Separator reconnection is perhaps the least well understood three-dimensional reconnection regime. One unknown factor is the extent to which the null points at either end of the separator play a significant role. Recent studies suggest that the current may preferentially peak away from the nulls [75,76]. One thing that is clear is that the picture of cut-and-paste one-to-one rejoining of field lines at the separator line is over-simplified. If a localized current layer forms around a separator, then the reconnection within the associated diffusion region must conform to the properties described in §2. Therefore, there will be a continuous reconnection of field lines within the volume surrounding the separator. Indeed, as demonstrated by Parnell *et al.* [75], the structure of the magnetic field in the vicinity of the separator may be significantly more complex than previously expected. The authors performed a simulation in which two patches of opposite-polarity magnetic flux on the boundary were driven past one another (see also [74]). While there were only two isolated, unconnected nulls in the initial configuration, during the evolution a number of separators were formed, around which the current was found to be focused. Although a separator must have a hyperbolic field near the nulls (in the plane locally perpendicular to the field), it can have either hyperbolic or elliptic structure away from the nulls. During the simulation, the structure of the field varied both along the separator and in time as the current density fluctuated. Clearly, reconnection at a separator with elliptic local magnetic field must be rather different from the simple early models. Indeed, Parnell *et al.* [75] identified the presence of counter-rotating flows around the separator on either side of localized enhancements in the parallel electric field, a signature of the non-null reconnection described in §4*a*.

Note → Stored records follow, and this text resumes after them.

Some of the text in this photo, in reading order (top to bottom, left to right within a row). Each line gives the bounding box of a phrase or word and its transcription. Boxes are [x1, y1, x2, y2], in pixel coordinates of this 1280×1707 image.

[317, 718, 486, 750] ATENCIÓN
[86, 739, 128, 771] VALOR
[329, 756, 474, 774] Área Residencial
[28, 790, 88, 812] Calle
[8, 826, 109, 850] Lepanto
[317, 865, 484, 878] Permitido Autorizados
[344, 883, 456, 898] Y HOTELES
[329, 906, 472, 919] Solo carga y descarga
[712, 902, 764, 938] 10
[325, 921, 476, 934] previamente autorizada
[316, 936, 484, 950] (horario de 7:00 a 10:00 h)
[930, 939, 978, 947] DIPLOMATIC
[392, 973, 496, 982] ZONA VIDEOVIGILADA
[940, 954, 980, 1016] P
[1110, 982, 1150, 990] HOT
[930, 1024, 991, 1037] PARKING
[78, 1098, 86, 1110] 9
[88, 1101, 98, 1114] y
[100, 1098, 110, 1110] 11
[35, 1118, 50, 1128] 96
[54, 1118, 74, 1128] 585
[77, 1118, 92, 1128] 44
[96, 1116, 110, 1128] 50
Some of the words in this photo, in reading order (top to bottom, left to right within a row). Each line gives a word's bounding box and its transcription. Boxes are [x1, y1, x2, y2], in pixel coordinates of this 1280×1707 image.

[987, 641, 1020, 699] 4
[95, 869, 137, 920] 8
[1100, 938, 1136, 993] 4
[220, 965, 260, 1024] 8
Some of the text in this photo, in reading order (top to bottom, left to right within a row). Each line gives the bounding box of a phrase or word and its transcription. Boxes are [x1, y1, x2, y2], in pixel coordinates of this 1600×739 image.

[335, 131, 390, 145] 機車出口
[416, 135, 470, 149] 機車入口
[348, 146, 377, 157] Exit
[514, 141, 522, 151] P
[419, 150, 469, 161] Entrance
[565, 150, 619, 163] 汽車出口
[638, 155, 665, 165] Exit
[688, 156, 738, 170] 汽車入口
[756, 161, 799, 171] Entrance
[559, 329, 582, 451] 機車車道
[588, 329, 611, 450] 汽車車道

### (d) Complexity of global energy release events

Each of the three-dimensional reconnection regimes as discussed above is essentially a model for an isolated, local reconnection process. Two new computational studies have revealed that, when a global evolution is considered, there may be many of these localized reconnection events, and the evolution of the magnetic flux can be highly complex. First, we return to the scenario of two flux patches driven past one another in the presence of an overlying field, discussed in §4*c*. As mentioned above, reconnection is found to occur at separator lines that are formed during the simulation. Up to five separators are present during the evolution and, by measuring the temporal evolution of the reconnection rate, Parnell *et al.* [77] identified a ‘recursive reconnection’ of the magnetic flux. More precisely, they found that magnetic flux was reconnected cyclically through the identified reconnection sites (separators). The result was that each unit of flux was found to be reconnected, on average, 3.6 times. This should be compared with the expectation that in an equipotential evolution each unit of flux would be reconnected twice (once to connect the two flux patches to one another and once as they are disconnected).

Similar behaviour has been observed recently during the resistive relaxation of a magnetic flux tube containing braided magnetic flux. Beginning from an approximately force-free state, it was shown by Wilmot-Smith *et al.* [56] that an instability caused a loss of equilibrium and the formation of a pair of current layers (in an earlier study it was shown that an *ideal* relaxation led towards a smooth force-free equilibrium without such current layers [78]). The subsequent evolution was investigated by Pontin *et al.* [79], who found that an increasingly complex distribution of current layers formed as the relaxation progressed. This increase in complexity was eventually halted and reversed, with the final state of the relaxation being a nonlinear force-free field characterized by weak, spatially distributed currents in which the flux was no longer braided. Measuring the reconnection rate associated with each of the separate current layers formed during the relaxation, it was found that each unit of flux was multiply reconnected. The authors repeated the simulation for different magnetic Reynolds numbers, *R*_{M}, demonstrating that, for larger *R*_{M}, the number of current layers increases, as does the average number of reconnections per unit of flux (the highest observed number being 4.4). The results imply that, in astrophysical plasmas with very low dissipation, the reconnection sites will be highly fragmented, and the global reconnection rate associated with these many linked events may be fast (even though rates for individual events may not be).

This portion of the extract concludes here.